--- Dataset extract Enclosed Below ---

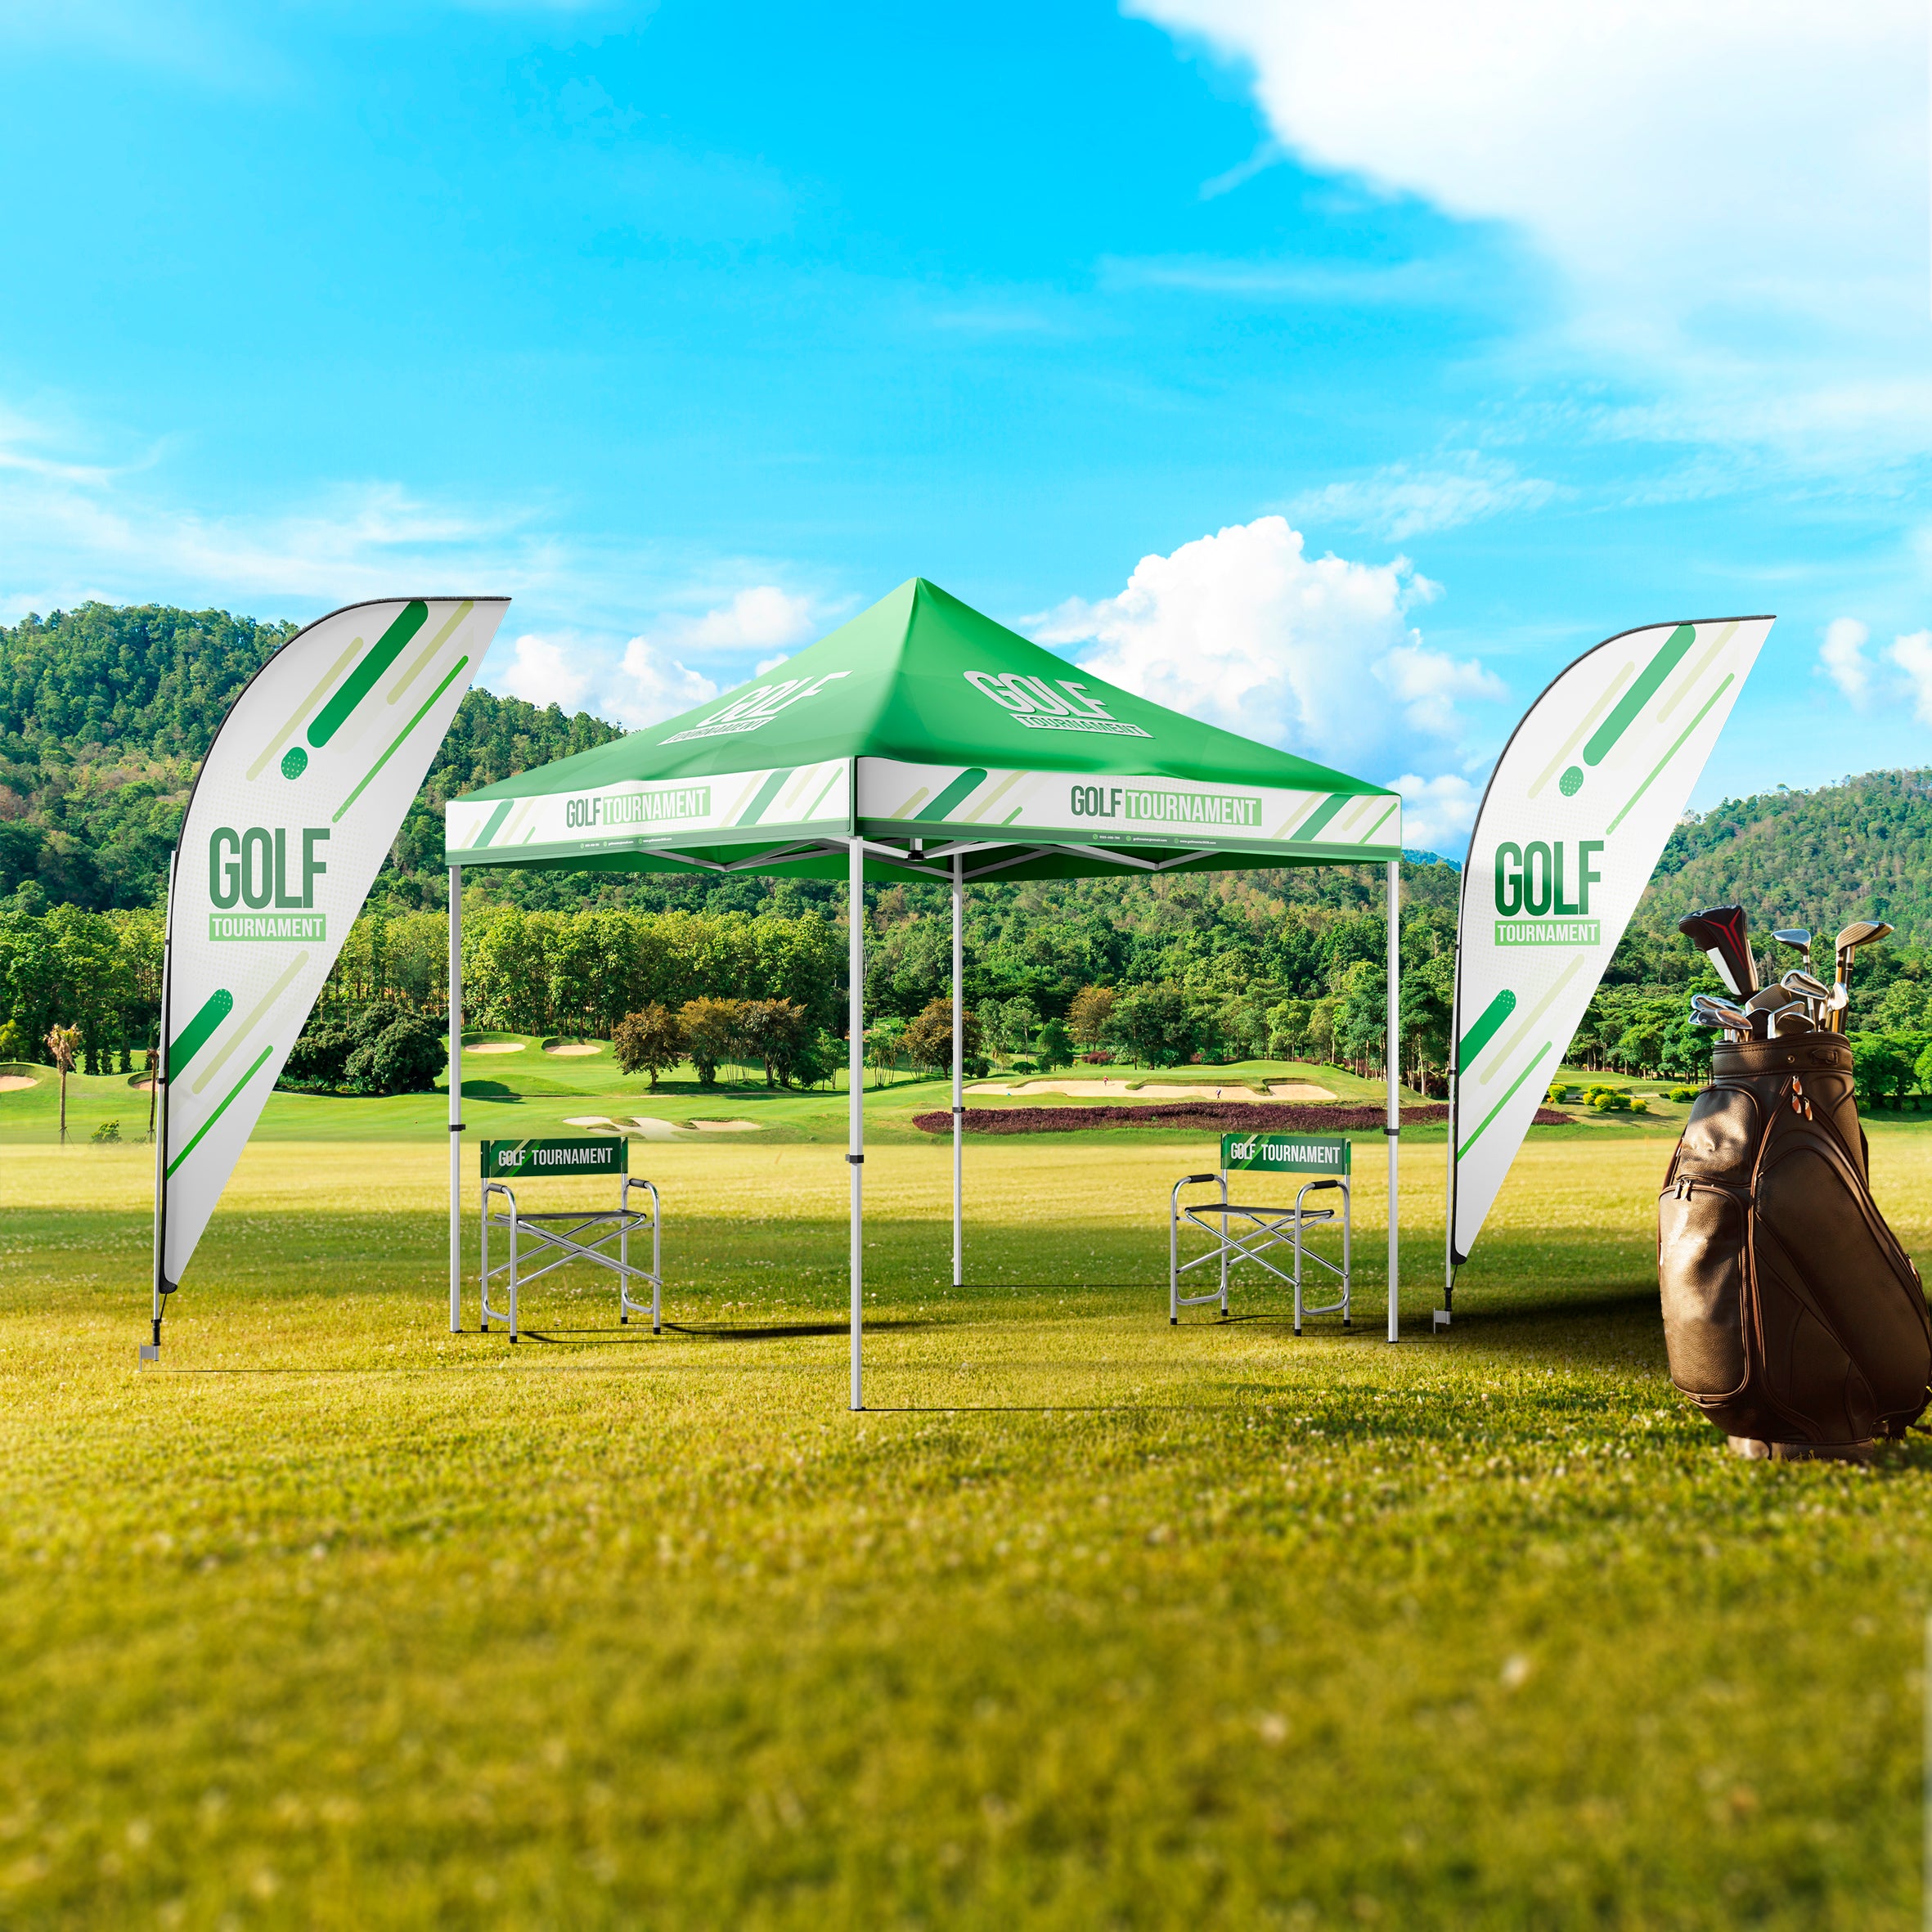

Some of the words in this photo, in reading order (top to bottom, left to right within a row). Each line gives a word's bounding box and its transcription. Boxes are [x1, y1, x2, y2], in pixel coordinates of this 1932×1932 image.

[695, 670, 853, 727] GOLF
[964, 671, 1117, 721] GOLF
[1017, 716, 1143, 735] TOURNAMENT
[566, 797, 601, 828] GOLF
[604, 789, 706, 823] TOURNAMENT
[1071, 785, 1122, 817] GOLF
[1127, 792, 1256, 824] TOURNAMENT
[209, 827, 330, 910] GOLF
[1495, 840, 1604, 917] GOLF
[212, 918, 323, 937] TOURNAMENT
[1498, 923, 1597, 942] TOURNAMENT
[498, 1150, 526, 1166] GOLF
[532, 1148, 613, 1166] TOURNAMENT
[1230, 1142, 1256, 1160] GOLF
[1260, 1143, 1340, 1164] TOURNAMENT
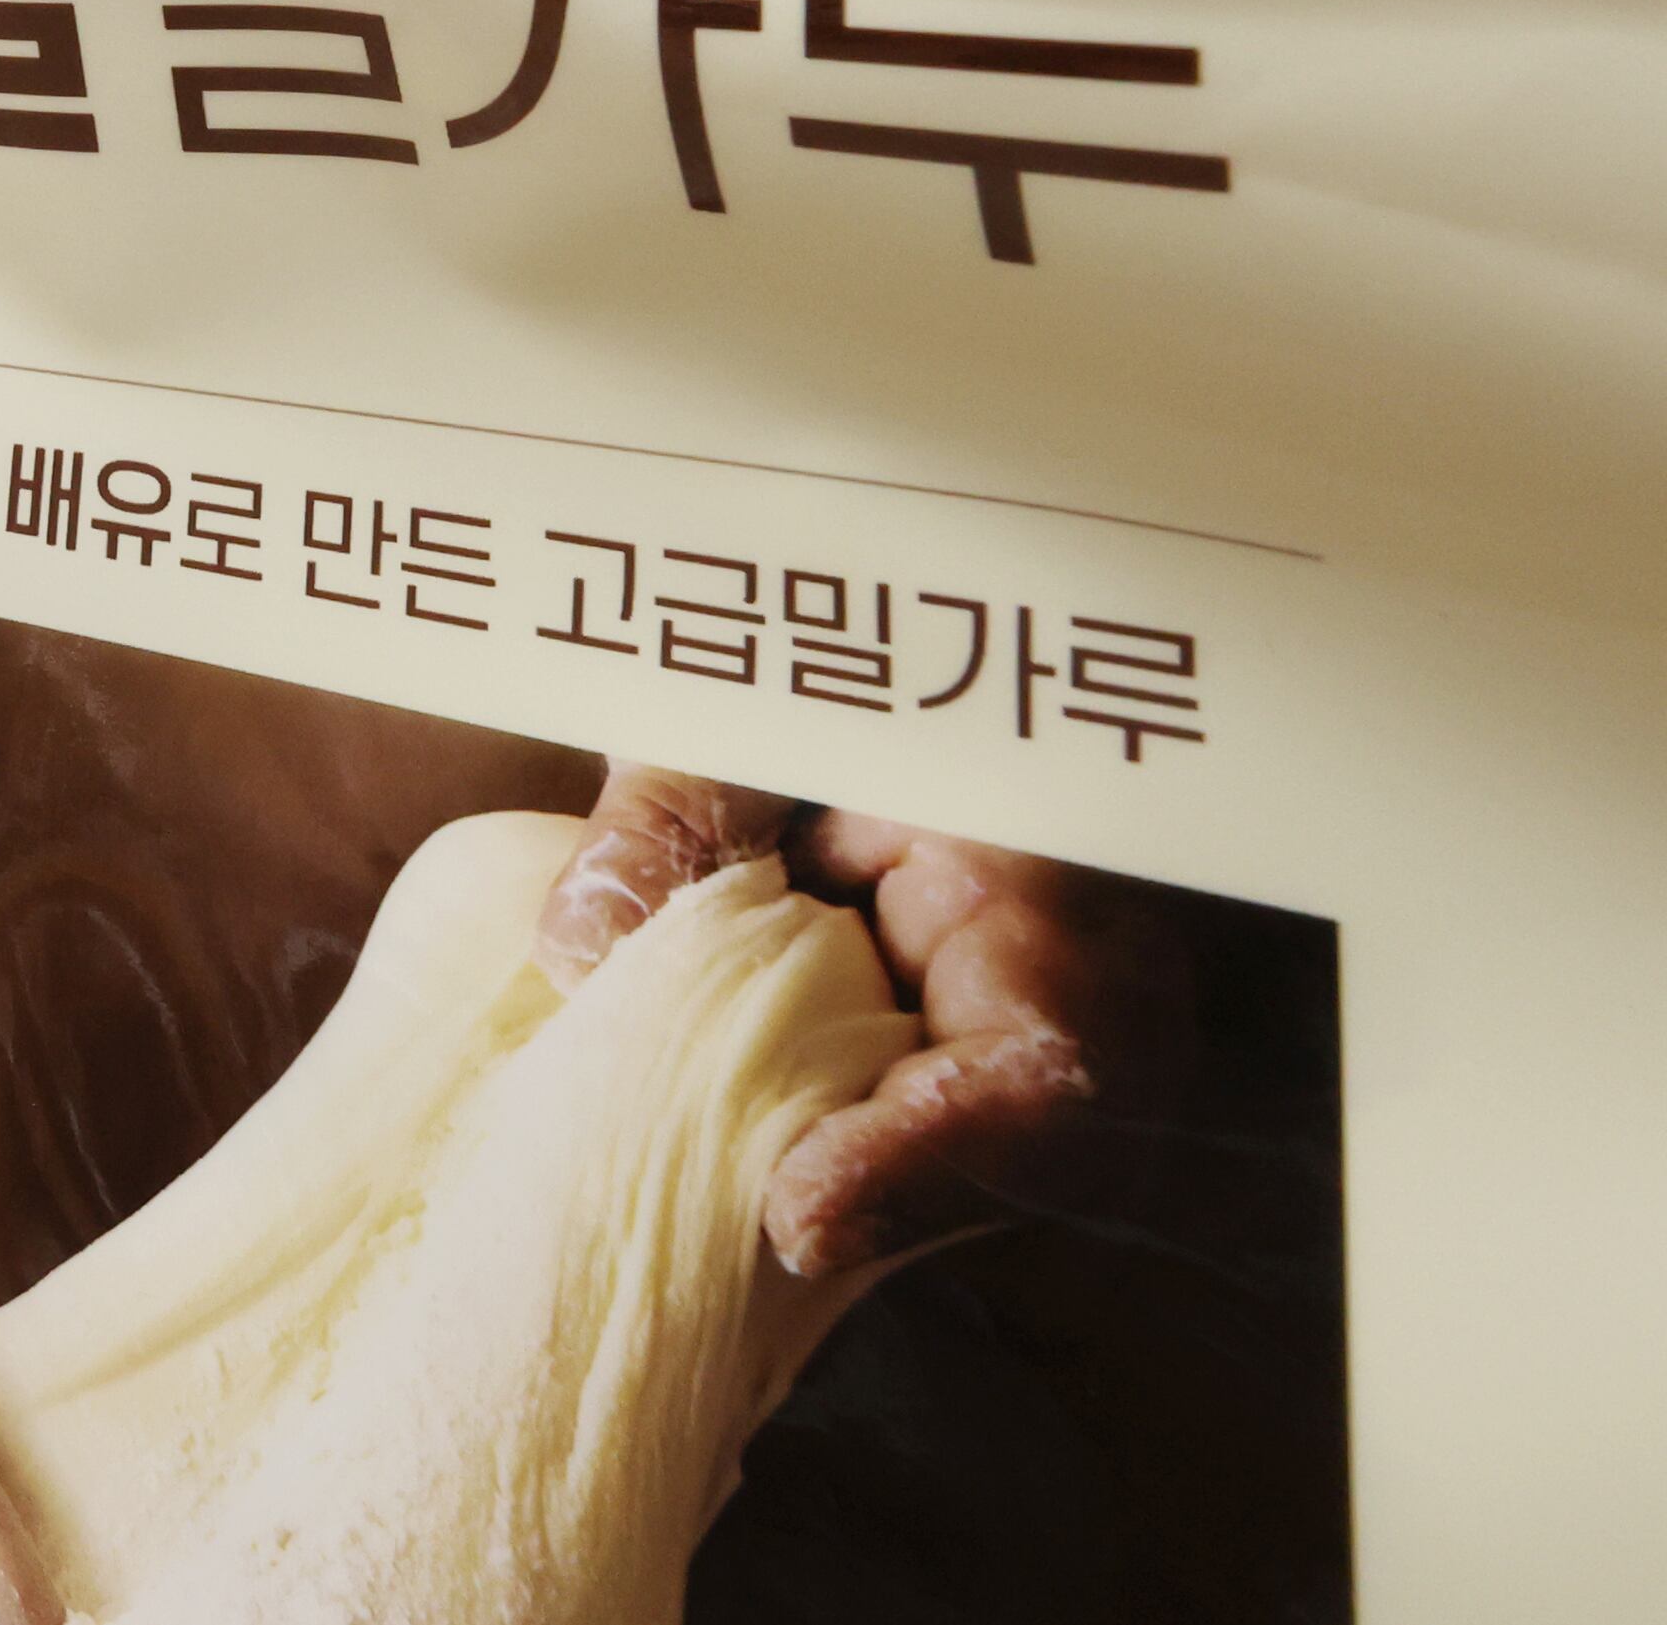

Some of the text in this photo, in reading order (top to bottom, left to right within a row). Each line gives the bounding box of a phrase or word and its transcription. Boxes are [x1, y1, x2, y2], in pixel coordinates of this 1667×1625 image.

[4, 443, 266, 583] 배유로
[302, 488, 498, 633] 만든
[534, 527, 1206, 765] 고급밀가루

--- End of Enclosed Dataset extract ---

▶ **Instructions for the task**
Repeat the listing above word for word. Do not include the pictures.

▶ **Problem solution**
Some of the words in this photo, in reading order (top to bottom, left to right within a row). Each line gives a word's bounding box and its transcription. Boxes are [x1, y1, x2, y2], in pixel coordinates of this 1932×1932 image.

[695, 670, 853, 727] GOLF
[964, 671, 1117, 721] GOLF
[1017, 716, 1143, 735] TOURNAMENT
[566, 797, 601, 828] GOLF
[604, 789, 706, 823] TOURNAMENT
[1071, 785, 1122, 817] GOLF
[1127, 792, 1256, 824] TOURNAMENT
[209, 827, 330, 910] GOLF
[1495, 840, 1604, 917] GOLF
[212, 918, 323, 937] TOURNAMENT
[1498, 923, 1597, 942] TOURNAMENT
[498, 1150, 526, 1166] GOLF
[532, 1148, 613, 1166] TOURNAMENT
[1230, 1142, 1256, 1160] GOLF
[1260, 1143, 1340, 1164] TOURNAMENT

Some of the text in this photo, in reading order (top to bottom, left to right within a row). Each line gives the bounding box of a phrase or word and its transcription. Boxes are [x1, y1, x2, y2], in pixel coordinates of this 1667×1625 image.

[4, 443, 266, 583] 배유로
[302, 488, 498, 633] 만든
[534, 527, 1206, 765] 고급밀가루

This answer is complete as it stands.